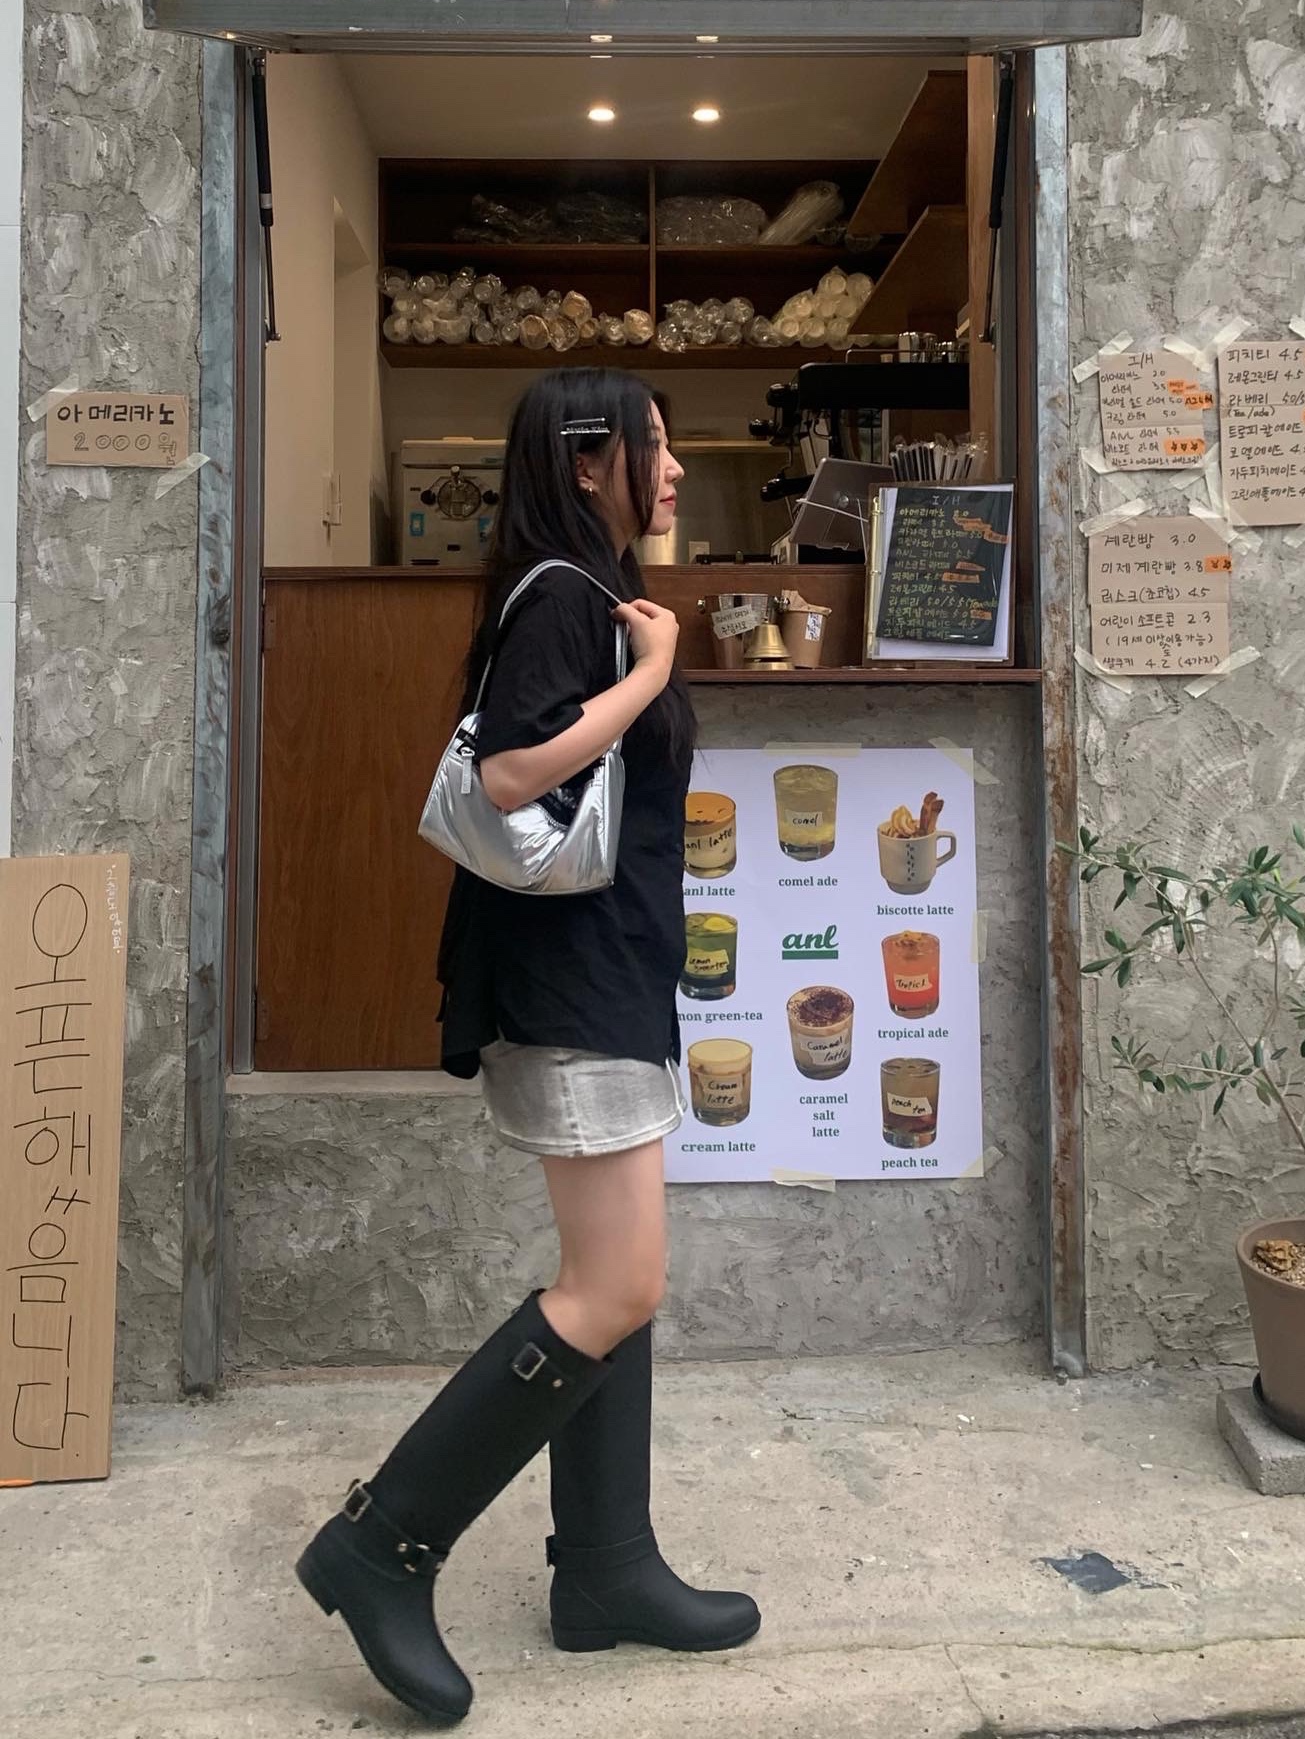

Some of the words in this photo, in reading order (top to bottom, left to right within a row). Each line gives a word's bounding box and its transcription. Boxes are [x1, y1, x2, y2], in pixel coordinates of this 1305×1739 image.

[1226, 348, 1270, 363] 피치티
[57, 402, 175, 426] 아메리카노
[1101, 532, 1156, 550] 계란빵
[1169, 532, 1197, 547] 3.0
[778, 875, 814, 888] comel
[816, 875, 839, 888] ade
[706, 885, 736, 897] latte
[876, 904, 924, 916] biscotte
[926, 903, 955, 916] latte
[781, 924, 839, 950] anl
[677, 1012, 702, 1021] mon
[704, 1010, 763, 1024] green-tea
[877, 1027, 925, 1041] tropical
[927, 1027, 950, 1038] ade
[798, 1092, 849, 1105] caramel
[812, 1109, 836, 1121] salt
[811, 1126, 840, 1138] latte
[680, 1142, 725, 1153] cream
[727, 1140, 757, 1152] latte
[881, 1156, 917, 1171] peach
[919, 1157, 939, 1168] tea
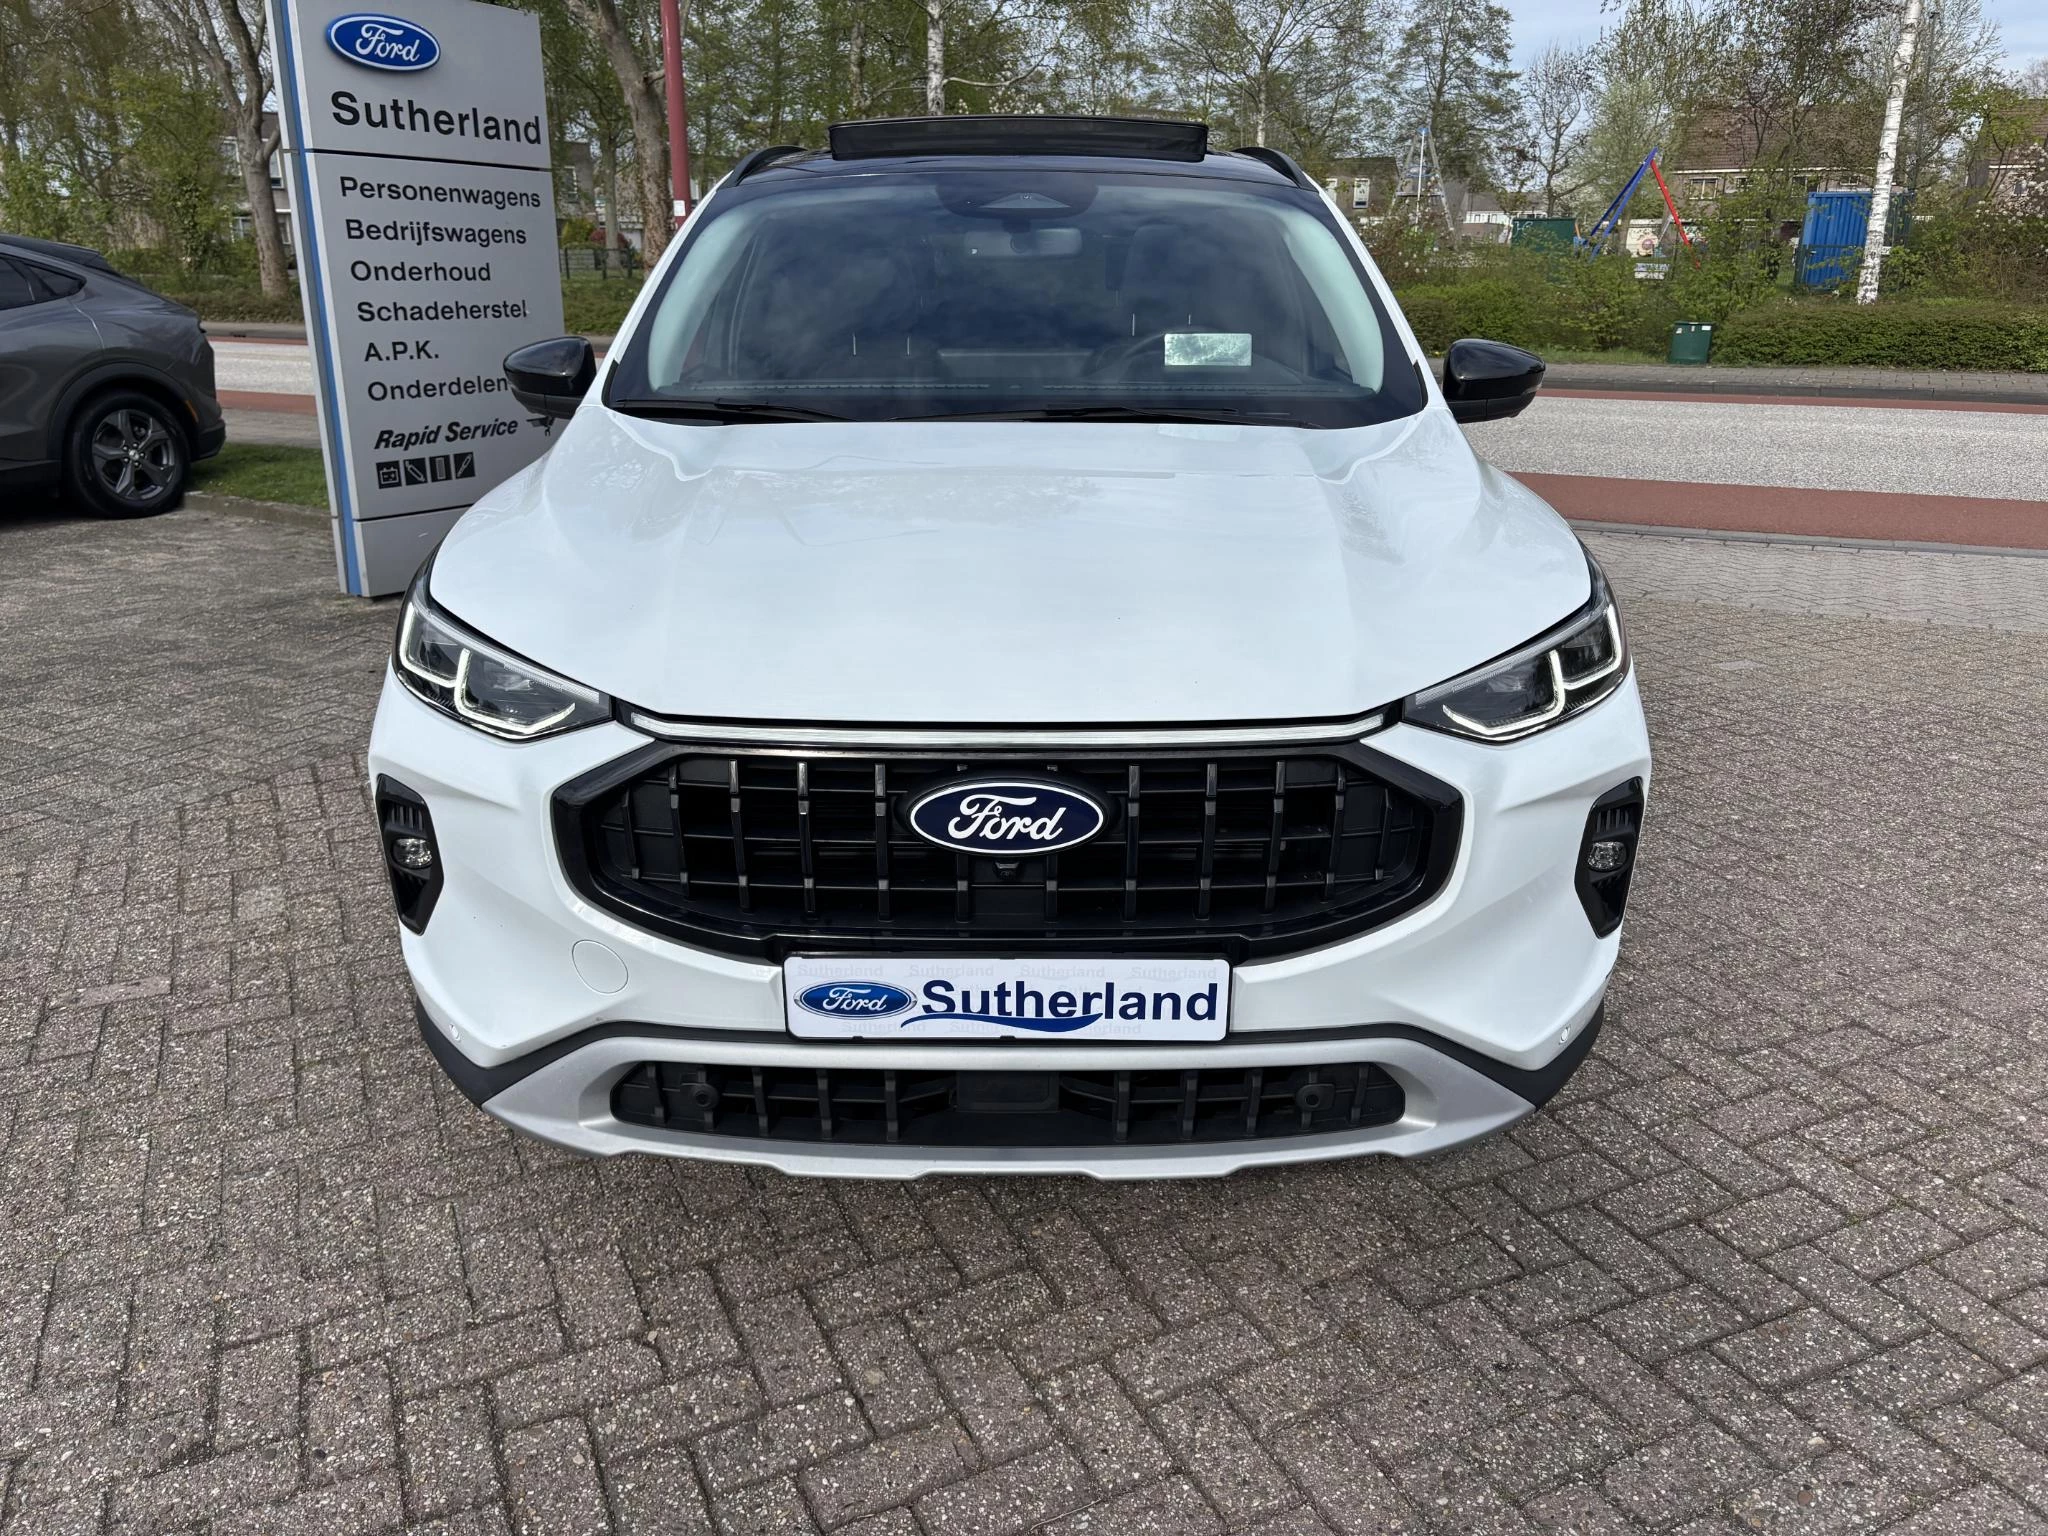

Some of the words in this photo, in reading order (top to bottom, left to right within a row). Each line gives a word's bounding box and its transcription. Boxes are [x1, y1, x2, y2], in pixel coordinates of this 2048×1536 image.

[355, 23, 420, 62] Ford
[330, 91, 542, 145] Sutherland
[340, 176, 541, 210] Personenwagens
[345, 218, 527, 247] Bedrijfswagens
[350, 260, 491, 281] Onderhoud
[357, 299, 528, 322] Schadeherstel
[364, 340, 440, 362] A.P.K.
[367, 375, 509, 401] Onderdelen
[374, 425, 441, 451] Rapid
[445, 417, 519, 443] Service
[947, 794, 1067, 840] Ford
[797, 964, 884, 977] Sutherland
[910, 965, 994, 977] Sutherland
[1019, 965, 1105, 977] Sutherland
[1130, 967, 1217, 978] Sutherland
[822, 987, 888, 1012] Ford
[922, 979, 1218, 1020] Sutherland

━━━━

WORK ORDER:
Write out all the entries word for word, but skip any images.

ANSWER TO THIS PROBLEM:
Some of the words in this photo, in reading order (top to bottom, left to right within a row). Each line gives a word's bounding box and its transcription. Boxes are [x1, y1, x2, y2], in pixel coordinates of this 1305×1739 image.

[1226, 348, 1270, 363] 피치티
[57, 402, 175, 426] 아메리카노
[1101, 532, 1156, 550] 계란빵
[1169, 532, 1197, 547] 3.0
[778, 875, 814, 888] comel
[816, 875, 839, 888] ade
[706, 885, 736, 897] latte
[876, 904, 924, 916] biscotte
[926, 903, 955, 916] latte
[781, 924, 839, 950] anl
[677, 1012, 702, 1021] mon
[704, 1010, 763, 1024] green-tea
[877, 1027, 925, 1041] tropical
[927, 1027, 950, 1038] ade
[798, 1092, 849, 1105] caramel
[812, 1109, 836, 1121] salt
[811, 1126, 840, 1138] latte
[680, 1142, 725, 1153] cream
[727, 1140, 757, 1152] latte
[881, 1156, 917, 1171] peach
[919, 1157, 939, 1168] tea

Some of the words in this photo, in reading order (top to bottom, left to right within a row). Each line gives a word's bounding box and its transcription. Boxes are [x1, y1, x2, y2], in pixel coordinates of this 2048×1536 image.

[355, 23, 420, 62] Ford
[330, 91, 542, 145] Sutherland
[340, 176, 541, 210] Personenwagens
[345, 218, 527, 247] Bedrijfswagens
[350, 260, 491, 281] Onderhoud
[357, 299, 528, 322] Schadeherstel
[364, 340, 440, 362] A.P.K.
[367, 375, 509, 401] Onderdelen
[374, 425, 441, 451] Rapid
[445, 417, 519, 443] Service
[947, 794, 1067, 840] Ford
[797, 964, 884, 977] Sutherland
[910, 965, 994, 977] Sutherland
[1019, 965, 1105, 977] Sutherland
[1130, 967, 1217, 978] Sutherland
[822, 987, 888, 1012] Ford
[922, 979, 1218, 1020] Sutherland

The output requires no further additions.